Deep learning in next-generation sequencing

Abstract

Next-generation sequencing (NGS) methods lie at the heart of large parts of biological and medical research. Their fundamental importance has created a continuously increasing demand for processing and analysis methods of the data sets produced, addressing questions such as variant calling, metagenomic classification and quantification, genomic feature detection, or downstream analysis in larger biological or medical contexts. In addition to classical algorithmic approaches, machine-learning (ML) techniques are often used for such tasks. In particular, deep learning (DL) methods that use multilayered artificial neural networks (ANNs) for supervised, semisupervised, and unsupervised learning have gained significant traction for such applications.
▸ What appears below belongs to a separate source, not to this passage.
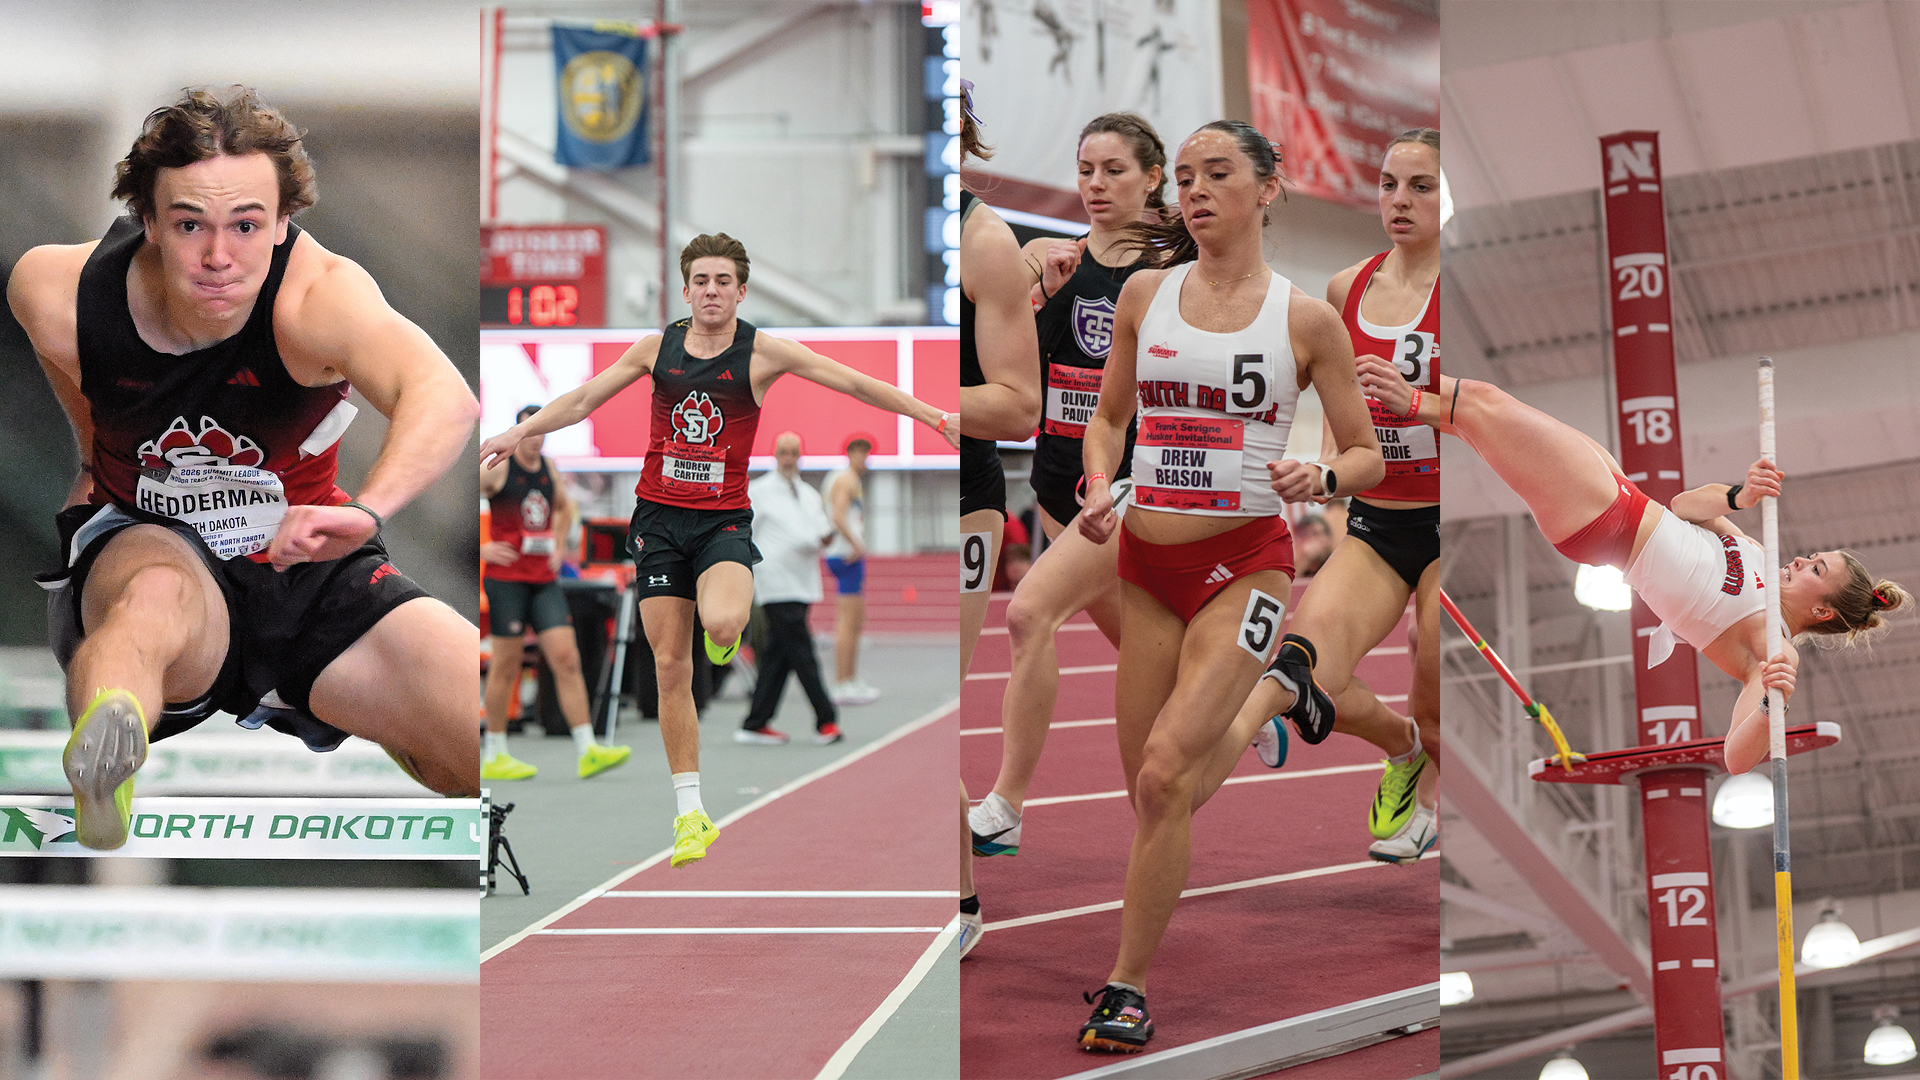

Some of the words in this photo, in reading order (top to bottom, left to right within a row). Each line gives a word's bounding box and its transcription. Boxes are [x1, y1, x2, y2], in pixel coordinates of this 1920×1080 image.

Here, we highlight important network architectures, application areas, and DL frameworks in a NGS context.

Figure 1

Overview of ANN architectures: (a) An artificial neuron maps an input vector x_i, 0≤i≤n, to a scalar output y by applying a nonlinear activation function φ to a weighted sum $s:={\sum }_{i=0}^n{w}_i{x}_i={\overrightarrow{w}}^t\overrightarrow{x}$. (b) A multilayer perceptron (MLP) comprising an input layer, a fully connected hidden layer, and an output layer. (c) A single layer of a convolutional neural network (CNN), where matrix multiplication is replaced by a convolution with a small filter kernel matrix, the entries of which are learned during training followed by a ReLu activation function and (max)pooling. (d) Recurrent neural networks (RNNs) feature feedback connections to earlier layers and can be trained to learn time-dependent relations. (e) Autoencoders (AEs) are designed to identify useful data encodings in an unsupervised setting. (f) Generative adversarial networks (GANs) train two networks simultaneously. The generator produces new data points, whereas the discriminator classifies data points as either genuine or fake.